→ Work to complete:
Give the entries again exactly. Skip the pictures.

[Data extracted from a collection]
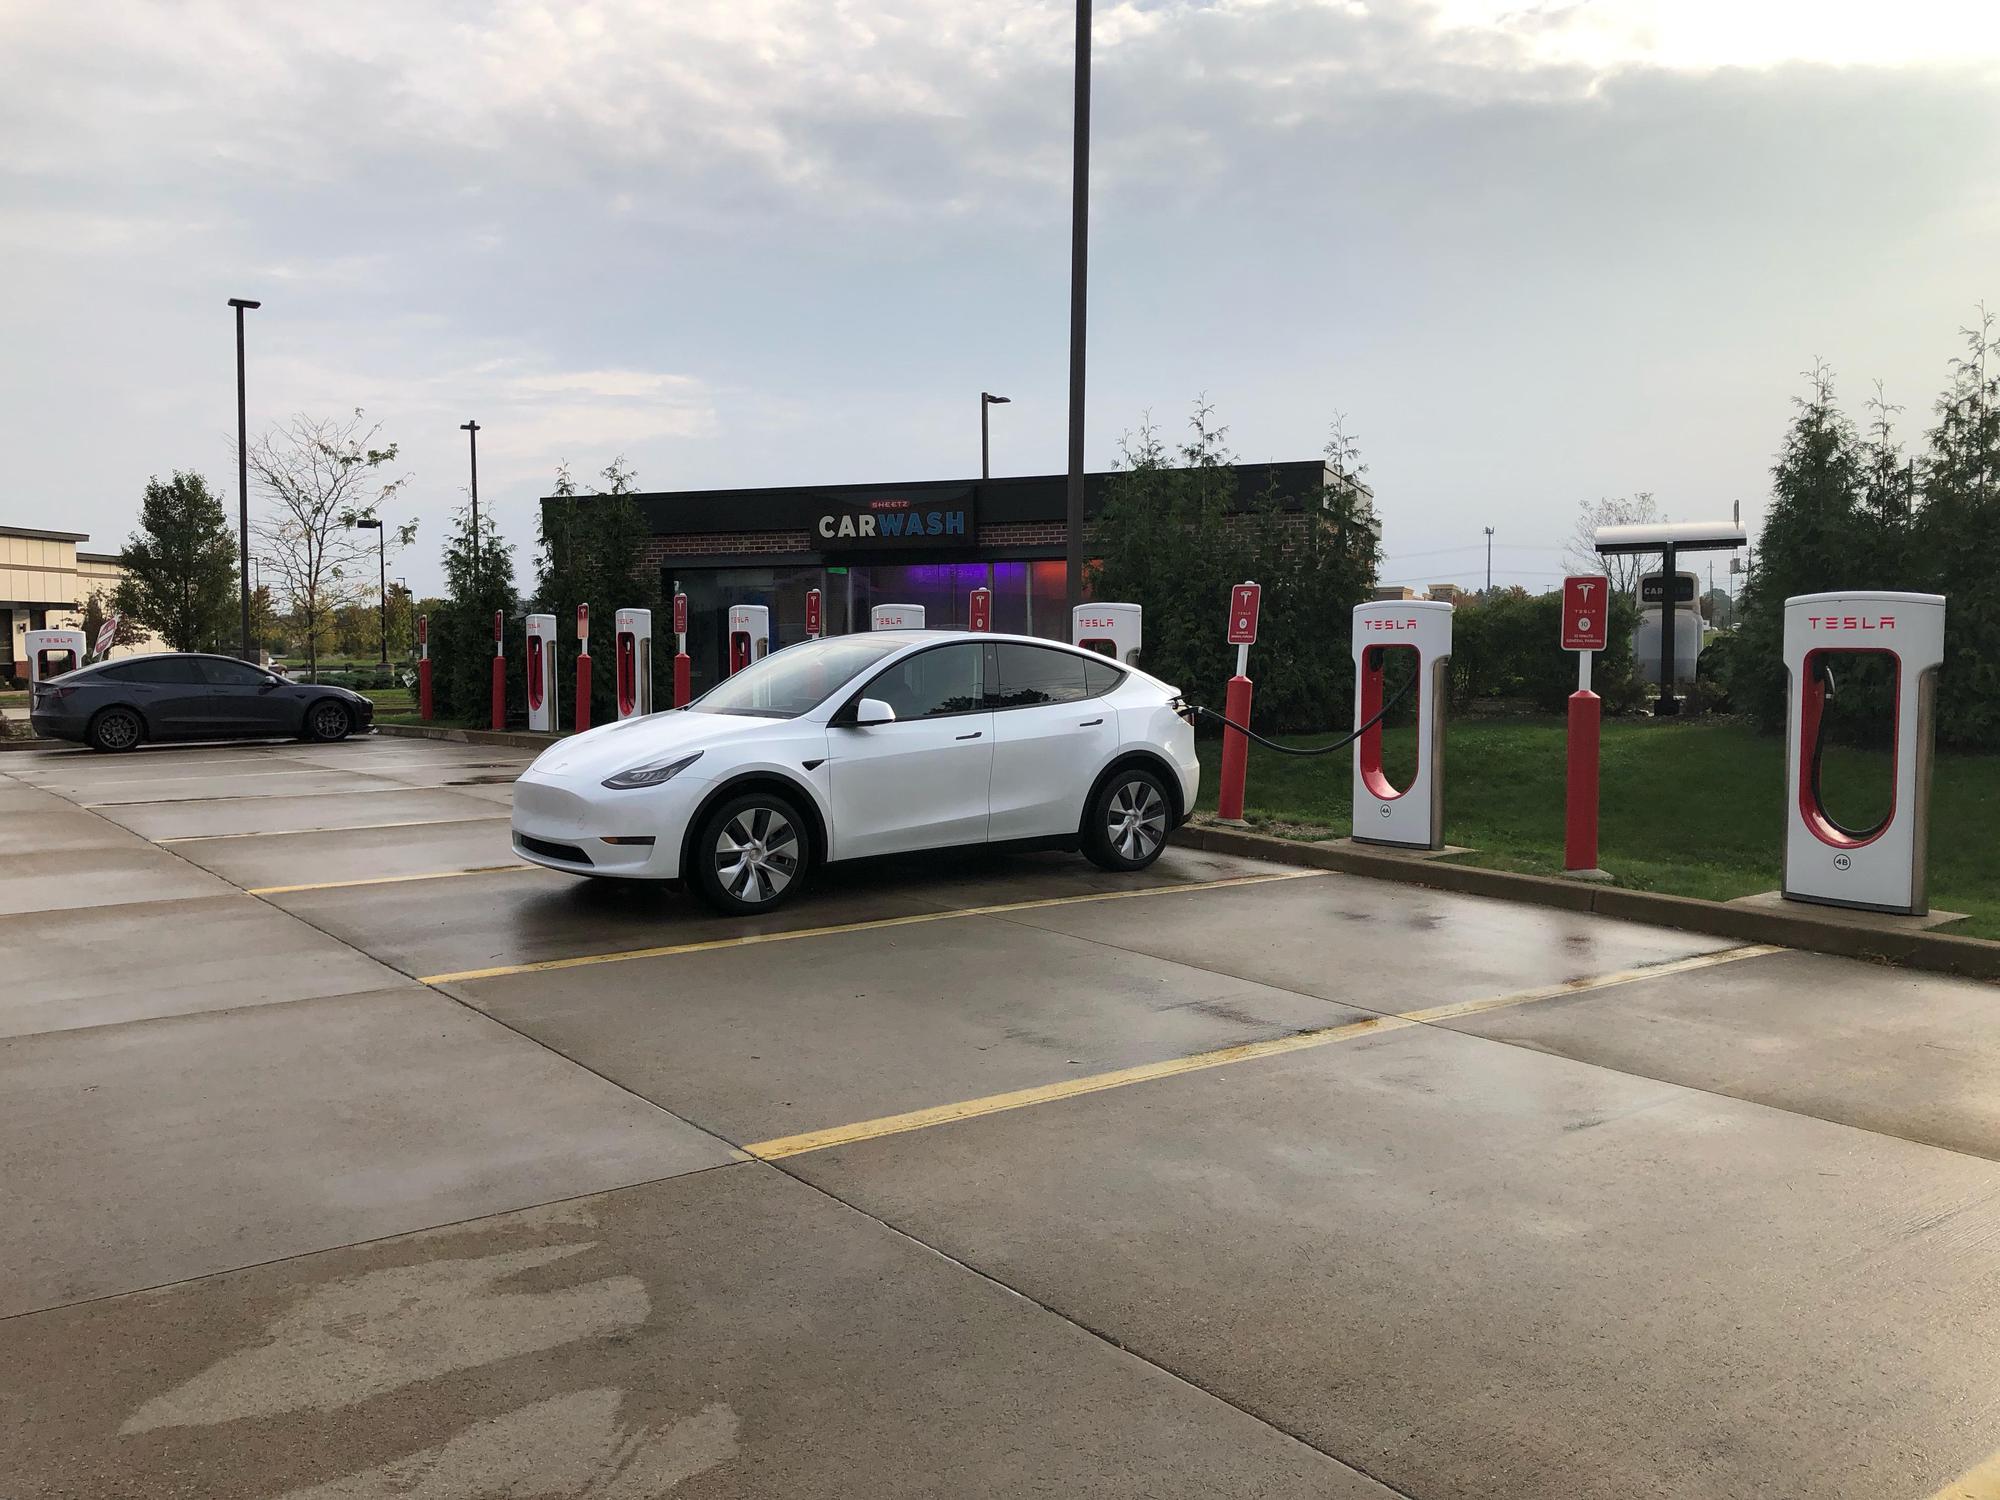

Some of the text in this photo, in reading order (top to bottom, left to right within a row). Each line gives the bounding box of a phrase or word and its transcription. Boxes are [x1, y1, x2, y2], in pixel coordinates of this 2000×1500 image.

[731, 616, 750, 624] TESLA
[876, 617, 902, 625] TESLA
[1079, 618, 1114, 628] TESLA
[1364, 619, 1417, 630] TESLA
[1808, 616, 1895, 629] TESLA
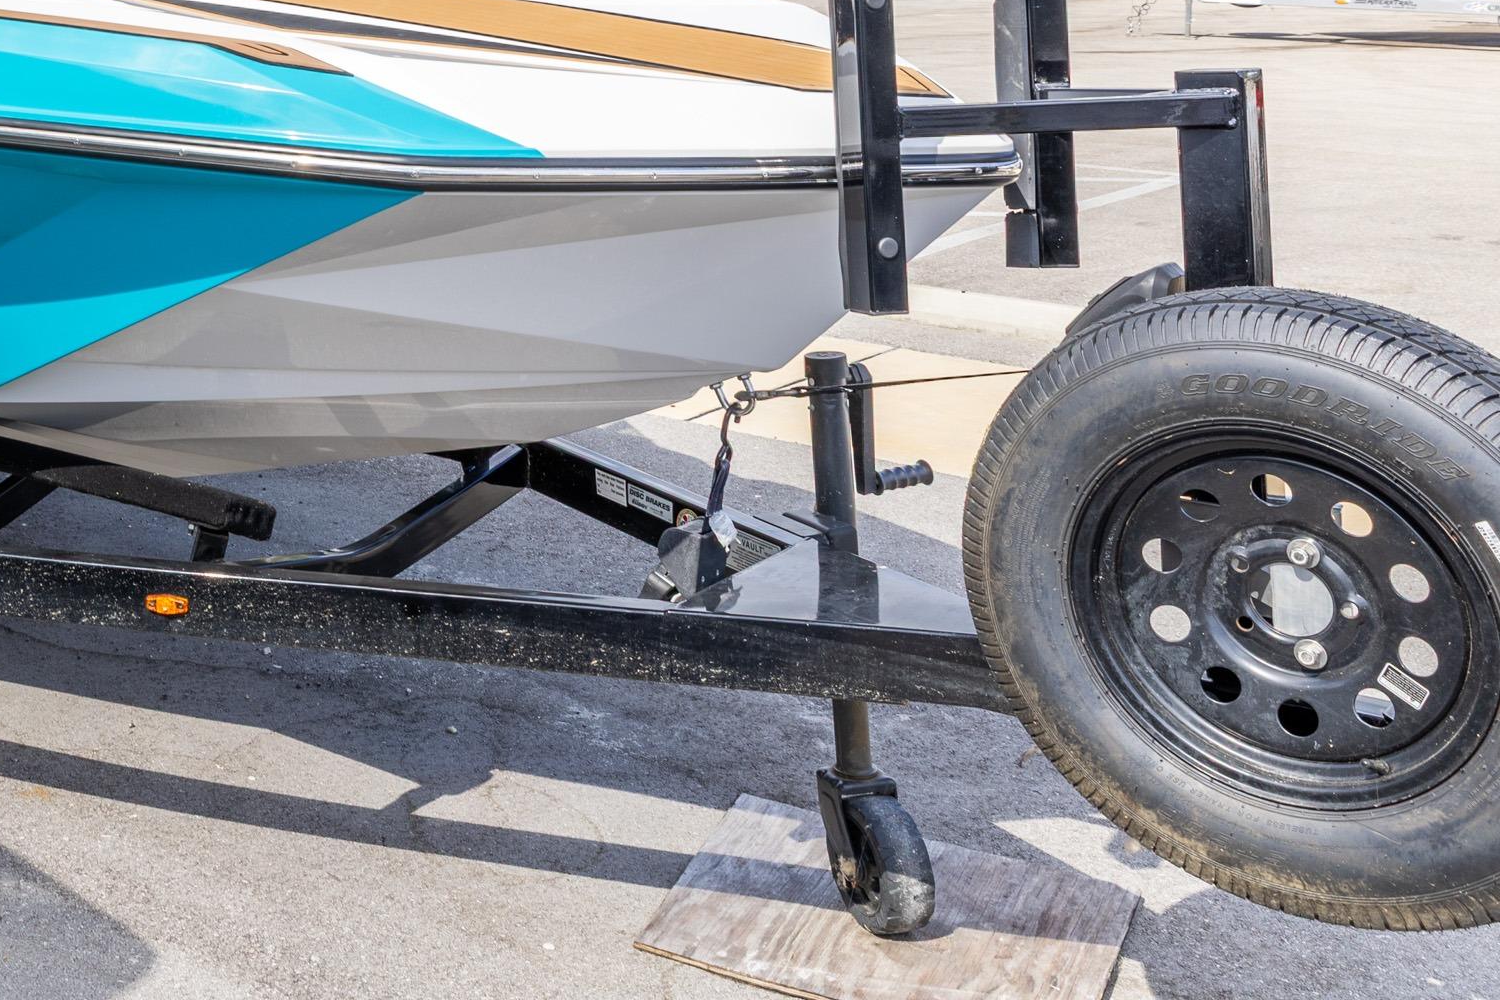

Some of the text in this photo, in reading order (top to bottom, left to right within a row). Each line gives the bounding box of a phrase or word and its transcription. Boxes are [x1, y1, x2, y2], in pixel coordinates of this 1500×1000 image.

[1179, 372, 1471, 482] GOODRIDE
[629, 488, 645, 500] DISC
[645, 494, 671, 512] BRAKES
[741, 538, 762, 553] VAULT
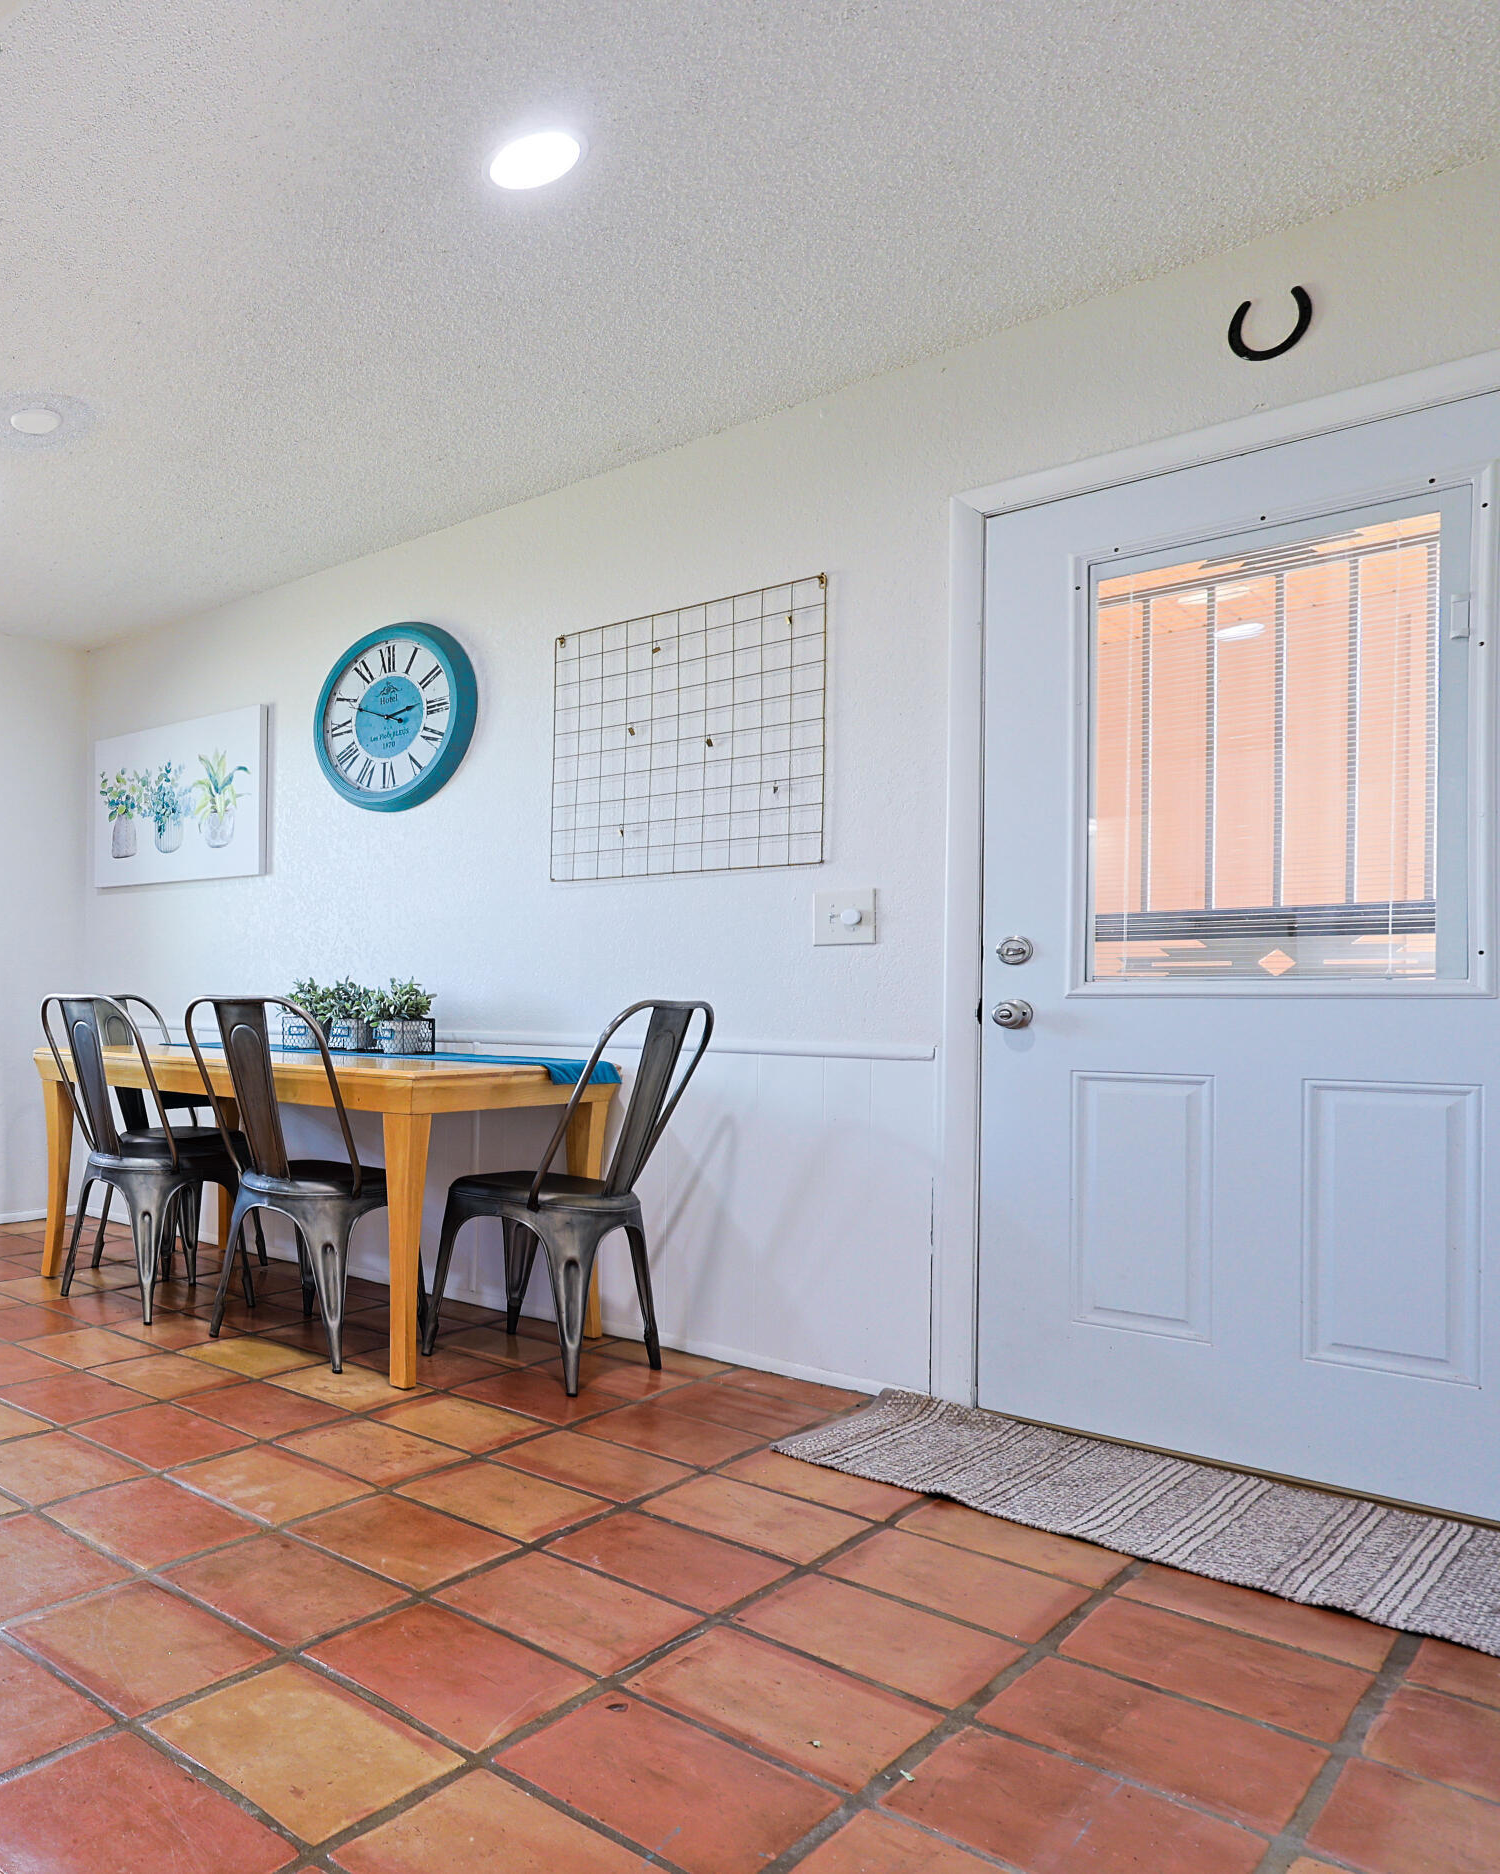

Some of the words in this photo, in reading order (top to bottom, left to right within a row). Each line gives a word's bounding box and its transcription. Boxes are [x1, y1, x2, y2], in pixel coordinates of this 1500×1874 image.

[351, 657, 376, 690] XI
[378, 644, 397, 677] XII
[402, 646, 421, 676] I
[417, 661, 444, 690] II
[380, 694, 398, 705] Hotel
[425, 695, 450, 719] III
[331, 717, 353, 738] IX
[420, 726, 445, 750] IV
[335, 741, 361, 774] VIII
[356, 757, 377, 789] VII
[380, 761, 399, 790] VI

→ Response:
Some of the text in this photo, in reading order (top to bottom, left to right within a row). Each line gives the bounding box of a phrase or word and its transcription. Boxes are [x1, y1, x2, y2], in pixel coordinates of this 2000×1500 image.

[731, 616, 750, 624] TESLA
[876, 617, 902, 625] TESLA
[1079, 618, 1114, 628] TESLA
[1364, 619, 1417, 630] TESLA
[1808, 616, 1895, 629] TESLA

Some of the text in this photo, in reading order (top to bottom, left to right within a row). Each line gives the bounding box of a phrase or word and its transcription. Boxes are [x1, y1, x2, y2], in pixel coordinates of this 1500×1000 image.

[1179, 372, 1471, 482] GOODRIDE
[629, 488, 645, 500] DISC
[645, 494, 671, 512] BRAKES
[741, 538, 762, 553] VAULT

Some of the words in this photo, in reading order (top to bottom, left to right within a row). Each line gives a word's bounding box and its transcription. Boxes are [x1, y1, x2, y2], in pixel coordinates of this 1500×1874 image.

[351, 657, 376, 690] XI
[378, 644, 397, 677] XII
[402, 646, 421, 676] I
[417, 661, 444, 690] II
[380, 694, 398, 705] Hotel
[425, 695, 450, 719] III
[331, 717, 353, 738] IX
[420, 726, 445, 750] IV
[335, 741, 361, 774] VIII
[356, 757, 377, 789] VII
[380, 761, 399, 790] VI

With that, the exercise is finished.